INFORMATION SECURITY, STANDARDS AND CONTROLS

INFORMATION SECURITY, STANDARDS AND CONTROLS

Home work Project

Instructions to Students

3. Standard, acceptable report formatting applies – that is: Margins 1” / Font: Calibri / Font

size: 11 or 12 pt. / Spacing 1.5 or 2.

4. You final submission must not exceed 4 printed pages (exclusive of your personal report)

6. PLAGIARISM SHALL THE SEVERELY PENALIZED

8. You are free to make any assumptions necessary to complete this exercise and can make up

 any information you deem necessary in order to complete this assignment as required.

Assignment Details

Question: After successfully completing 3 years of study at the University, you have been appointed as the Security Manager of your home.
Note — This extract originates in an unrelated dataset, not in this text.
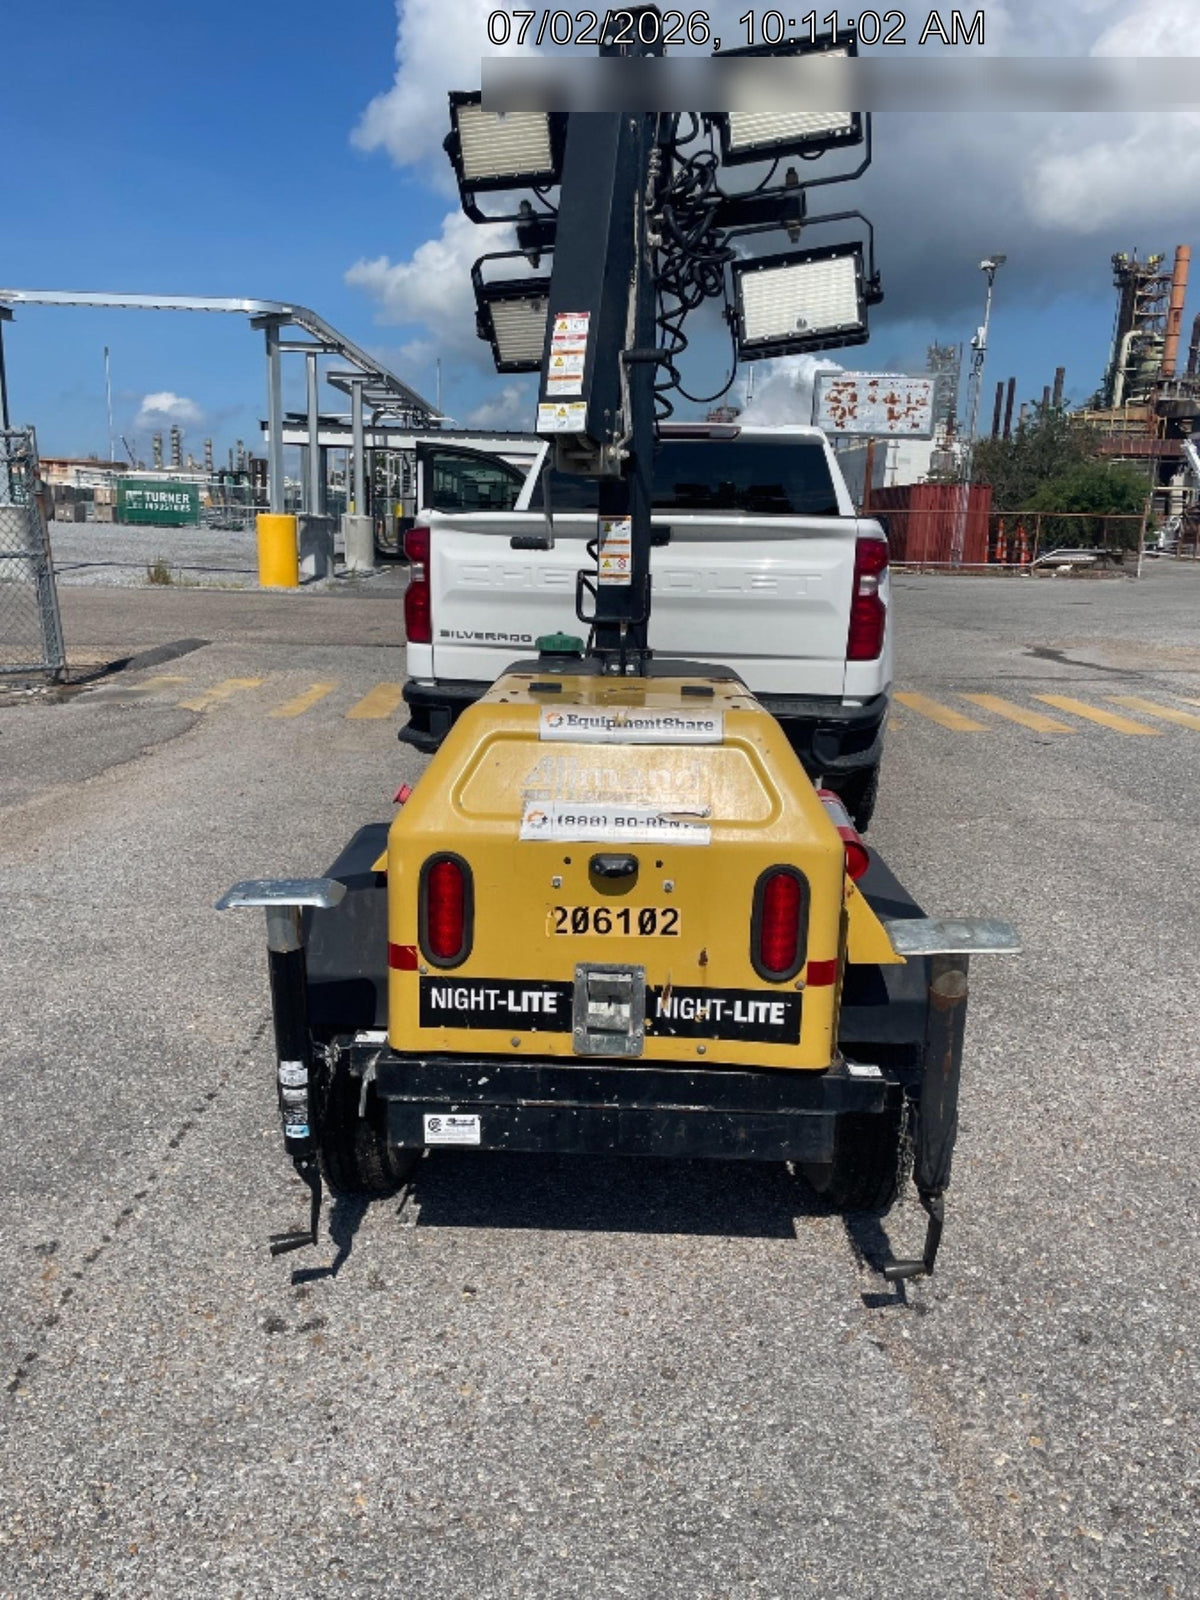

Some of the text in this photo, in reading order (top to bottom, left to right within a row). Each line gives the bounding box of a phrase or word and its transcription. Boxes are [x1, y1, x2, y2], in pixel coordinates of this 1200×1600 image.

[144, 491, 190, 504] TURNER
[440, 629, 532, 643] SILVERADO
[557, 815, 608, 827] (888)
[554, 905, 679, 936] 206102
You have decided as one of your first tasks is to conduct a risk assessment in order to better understand the various threats and risks facing the home.

You are required to conduct a:-

Risk Assessment (RA) (Qualitative or mixed) employing one of the risk assessment frameworks discussed in class (for example, NIST SP 800‐30)  others mentioned were Cobit, ISO 17799;2005, NIST’s Risk Management guide for information technology system, SP 800-30, OCTAVE, ITIL)            
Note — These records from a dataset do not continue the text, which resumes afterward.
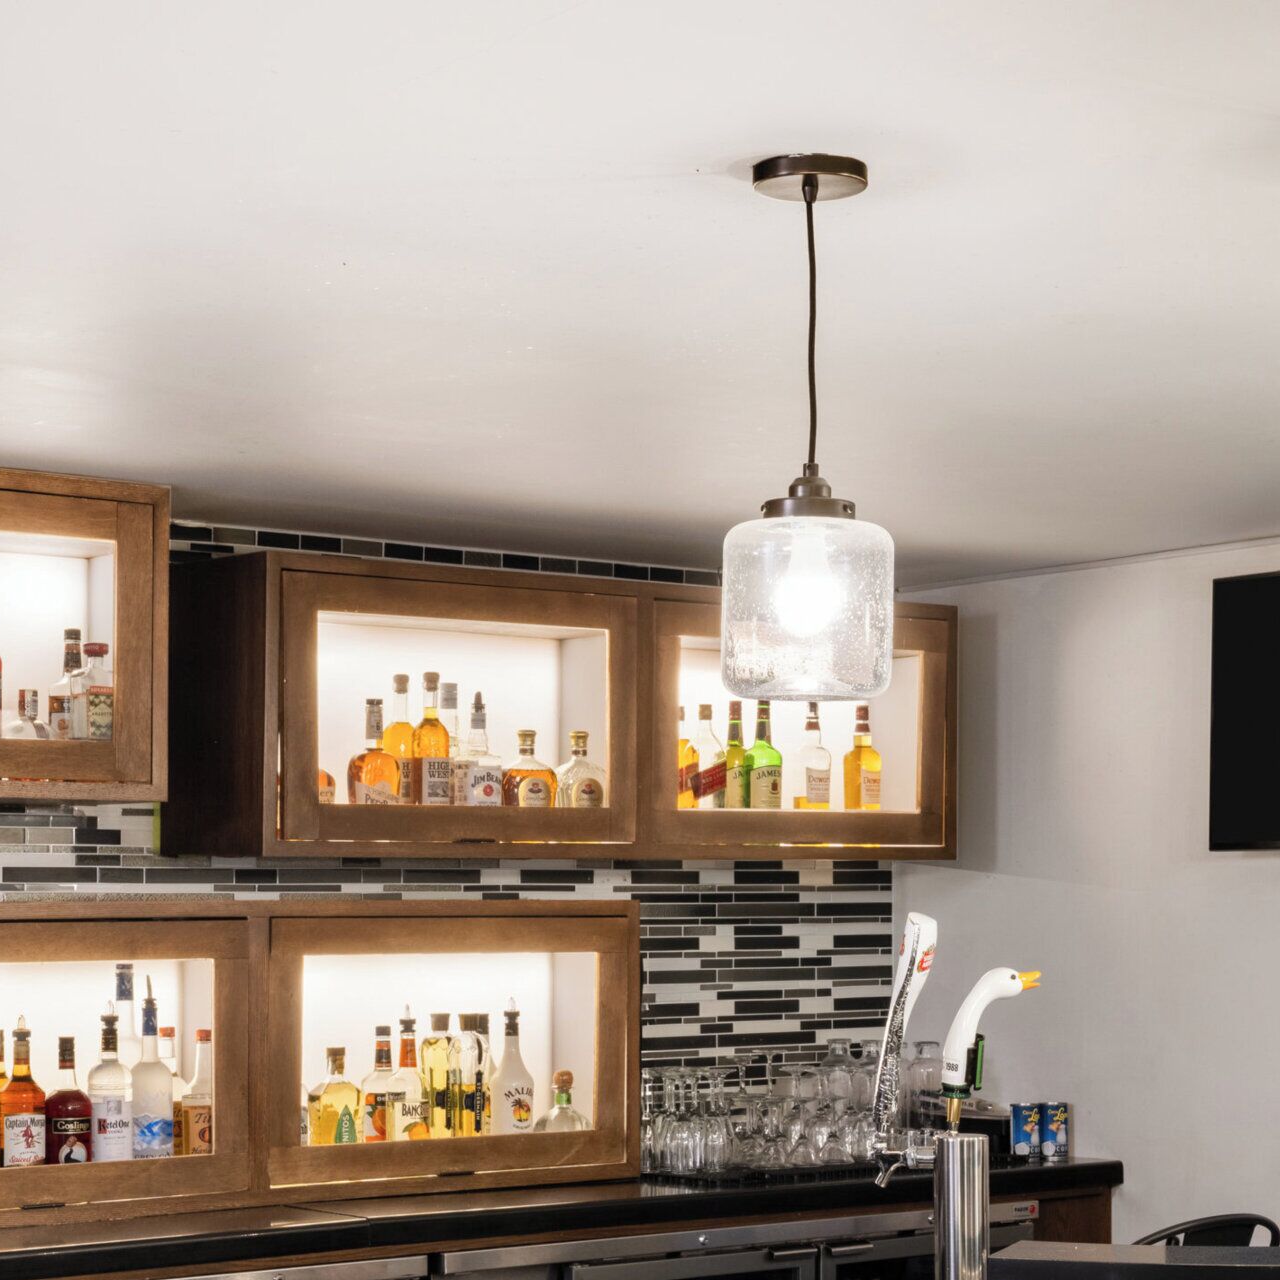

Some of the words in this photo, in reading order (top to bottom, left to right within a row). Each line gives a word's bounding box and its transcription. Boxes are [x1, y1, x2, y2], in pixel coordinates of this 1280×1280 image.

[756, 769, 781, 780] JAMES
[945, 1062, 959, 1072] 1988
[504, 1086, 534, 1101] MALIB
[30, 1117, 45, 1128] Morga
[341, 1114, 350, 1142] NITOS
Your submitted RA report should include the following (10 marks each):

1. Introduction (outlining purpose, supporting policy, framework, methodology, etc.)

2. An identification (and classification) of Asset

3. Threat identification including Likelihood determination and Impact Analysis

4. Vulnerability Identification

5. Controls analysis (i.e. an analysis of existing controls)

6. Overall Risk determination

7. Recommended Mitigation Strategies, including cost benefit analysis

8. Identification of residual risk and decisions wrt. how those risks will be handled   (for example, accept, transfer, avoid

9. Summary

10. Personal report (1 ‐ 2 paragraph) indicating how you have personally benefitted from this assignment.